On November 9, 2015, Division One of the Court of Appeals affirmed a 2012 King County trial court judgment that joint-venture tunneling contractor Vinci Construction Grands Projets/Parsons RCI/Frontier-Kemper (VPFK) was liable to King County for $144 million in damages and attorney fees.
The case arose from the Brightwater project, a wastewater treatment plant north of Woodinville with a tunnel system that conveys wastewater to the plant and treated water to a marine outfall in Puget Sound. VPFK was awarded a $212 million contract to build two segments of the 13-mile tunnel system. Unfortunately, VPFK’s two tunnel-boring machines broke down several hundred feet beneath Lake Forest Park and Bothell. The machines required extensive repairs that threatened to delay the completion of the overall project.
VPFK repaired one machine and completed one tunnel segment, but King County did not accept the lengthy delay and additional cost proposed for the repair of the second machine.
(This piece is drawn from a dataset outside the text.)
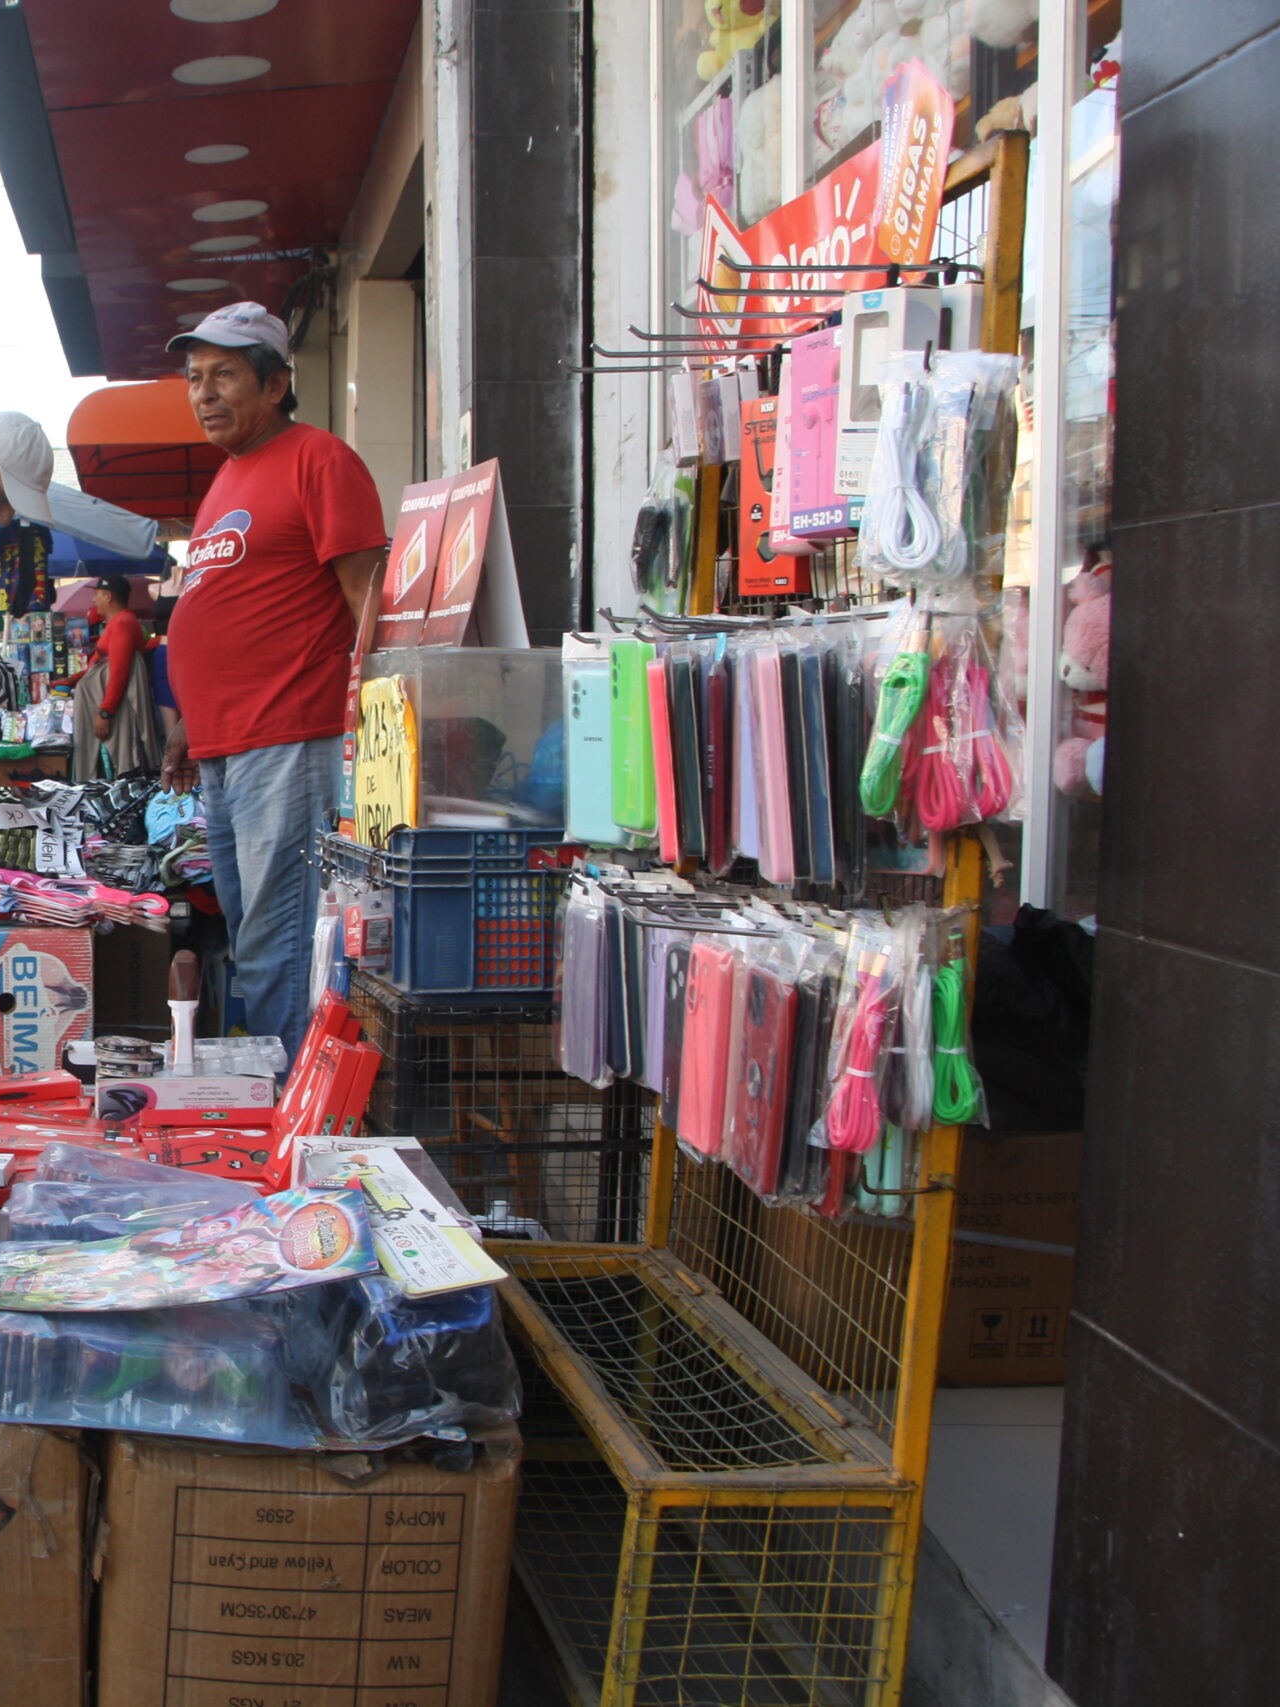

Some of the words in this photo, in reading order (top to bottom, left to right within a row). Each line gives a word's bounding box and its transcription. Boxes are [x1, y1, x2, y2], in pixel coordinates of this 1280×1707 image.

King County hired Jay Dee Coluccio to complete the remaining tunnel segment between Shoreline and Lake Forest Park. The Brightwater project began full operation in late 2012.
King County sued VPFK and its sureties for approximately $156 million, based on its costs arising from project delays and design modifications. VPFK counterclaimed for approximately $70 million, arguing that its delays were excused by differing site conditions and defective project design. King County acknowledged some of VPFK’s claims totaling about $4.7 million.
After a nearly three-month trial, the jury awarded $156 million in damages to King County, offset by $26 million to VPFK for its counterclaims. The court awarded King County its attorney/expert fees in the approximate amount of $14 million, for a net judgment of $144 million.
The trial and appeal involved a number of interesting issues, two of which are summarized here.
1. The contract documents identified different soil types that contractors could expect to encounter during excavation of the tunnels. They depicted which soil types had been found in boreholes, but did not purport to show soil types between the boreholes. VPFK complained that its work was delayed because the soils frequently changed from one type to another. The question was whether this situation constituted differing site conditions under the contract. The trial court (on summary judgment) said no. The appellate court agreed, summarizing earlier cases to derive the following definition of differing site conditions:
a. the contract documents indicated certain conditions
b. the contractor reasonably relied on those indications when making its bid
c. actual conditions materially differed from those which were indicated in the contract,
and
d. the materially different conditions were not foreseeable.
The court concluded that VPFK had not satisfied the first two factors because the contract documents did not indicate the frequency of soil changes and VPFK did not show that its bid was calculated in reliance on any particular number of soil changes. The appellate opinion could be a good starting point for research into Washington law relating to differing site conditions.
2. The contract between King County and VPFK included no fee clause, but the trial court awarded fees to King County against VPFK’s sureties. The basis for the award was Olympic Steamship, Inc. v. Centennial Insurance Co., 117 Wn.2d 37, 811 P.2d 673 (1991), as extended from insurance companies to sureties in Colorado Structures, Inc. v. Insurance Co. of the West, 161 Wn.2d 577, 167 P.3d 1125 (2007).
The sureties argued that King County should recover no more than the fees expended for litigation efforts specifically directed against the sureties. This argument was rejected because the sureties had adopted all of VPFK’s arguments and because the various claims and defenses in the case were so interconnected that no reasonable segregation of fees could be made. The appellate opinion could be a good starting point for research into Washington law relating to Olympic Steamship fee awards against sureties.
David Goodnight and Karl Oles of Stoel Rives represented King County. Pete Ralston and Tom Krider of Oles Morrison Rinker Baker represented VPFK and the sureties.